Пять часов спустя я снова был в гостинице. За это время я успел побывать в Биллингсе, одном из немногих достаточно крупных городов в Монтане. В соответствии с данным мне советом и вопреки моим ожиданиям там действительно оказалась копировальная студия, где я получил то, что требовалось. В итоге у меня в кармане лежал новенький DVD-диск.

Проходя через холл, я вспомнил, что забронировал номер лишь на два дня после похорон, и подошел к стойке, чтобы продлить проживание. Девушка за стойкой рассеянно кивнула, не отрывая взгляда от телевизора, настроенного на новостной канал. Ведущий излагал скудные подробности, имевшиеся на данный момент о массовом убийстве в Англии, которые я уже слышал по радио, возвращаясь из Биллингса. Похоже, ничего нового пока выяснить не удалось – все повторяли одно и то же, словно некий ритуал, постепенно превращающийся в миф. Преступник где-то забаррикадировался на несколько часов, а потом покончил с собой. Вероятно, именно в это время полицейские переворачивали вверх ногами его дом, пытаясь найти хоть какое-то объяснение им содеянному.

– Ужасно, – сказал я, в основном для того, чтобы убедиться, что девушка-портье меня заметила.

Судя по объявлениям в холле, в течение недели в отеле должны были проводиться несколько корпоративных мероприятий, и мне вовсе не хотелось неожиданно лишиться номера.

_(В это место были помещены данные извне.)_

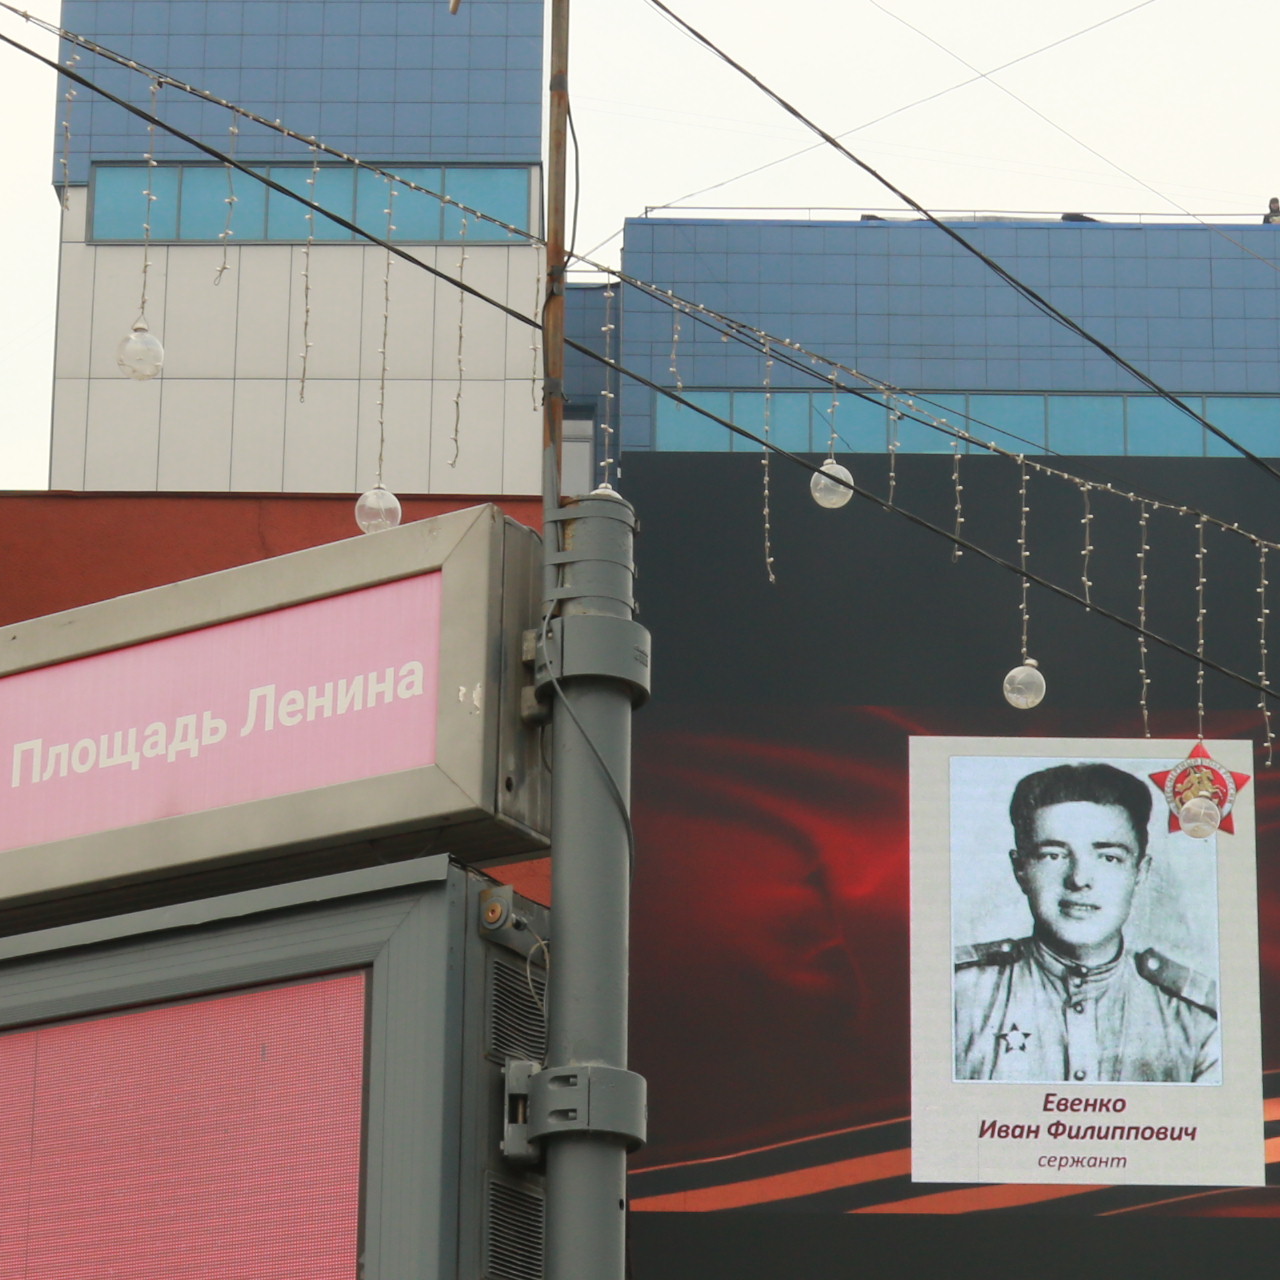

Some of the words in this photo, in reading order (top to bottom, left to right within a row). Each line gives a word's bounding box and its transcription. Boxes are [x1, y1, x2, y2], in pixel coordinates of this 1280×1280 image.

[11, 711, 228, 788] Площадь
[240, 660, 424, 738] Ленина
[1042, 1092, 1127, 1114] Евенко
[978, 1119, 1040, 1141] Иван
[1046, 1119, 1198, 1142] Филиппович
[1037, 1153, 1128, 1170] сержант

Девушка отреагировала не сразу, и я уже собирался попытаться еще раз, когда заметил, что она плачет. Глаза ее были полны слез, и одна почти невидимая слезинка скатилась по щеке.

– Что с вами? – удивленно спросил я. – Все в порядке?

Она повернула голову ко мне, словно во сне, и медленно кивнула.

– Еще два дня. Комната триста четыре. Все в порядке, сэр.

– Отлично. Но что с вами?

Она быстро вытерла щеку тыльной стороной ладони.

– Ничего, – ответила она. – Просто грустно.

Затем она снова повернулась к телевизору.

Я наблюдал за ней, стоя в лифте, пока не закрылись двери. В холле было пусто. Она все так же неподвижно смотрела в экран, словно глядя в окно. Ее настолько захватило это событие – случившееся в тысячах миль отсюда, в стране, где она, вероятно, даже никогда не бывала, – словно из-за него она потеряла кого-то из своих близких. Я был бы рад сказать, что сочувствую его жертвам так же, как она, но это неправда. Дело не в том, что мне было все равно, просто я не испытывал потрясения до глубины души. Все было совсем иначе 11 сентября, когда нечто зловещее и шокирующее произошло в нашей стране, коснувшись людей, которые в детстве копили монетки в той же самой валюте. Разумом я понимал, что разницы нет, но мне так казалось – возможно, потому, что тех людей я не знал.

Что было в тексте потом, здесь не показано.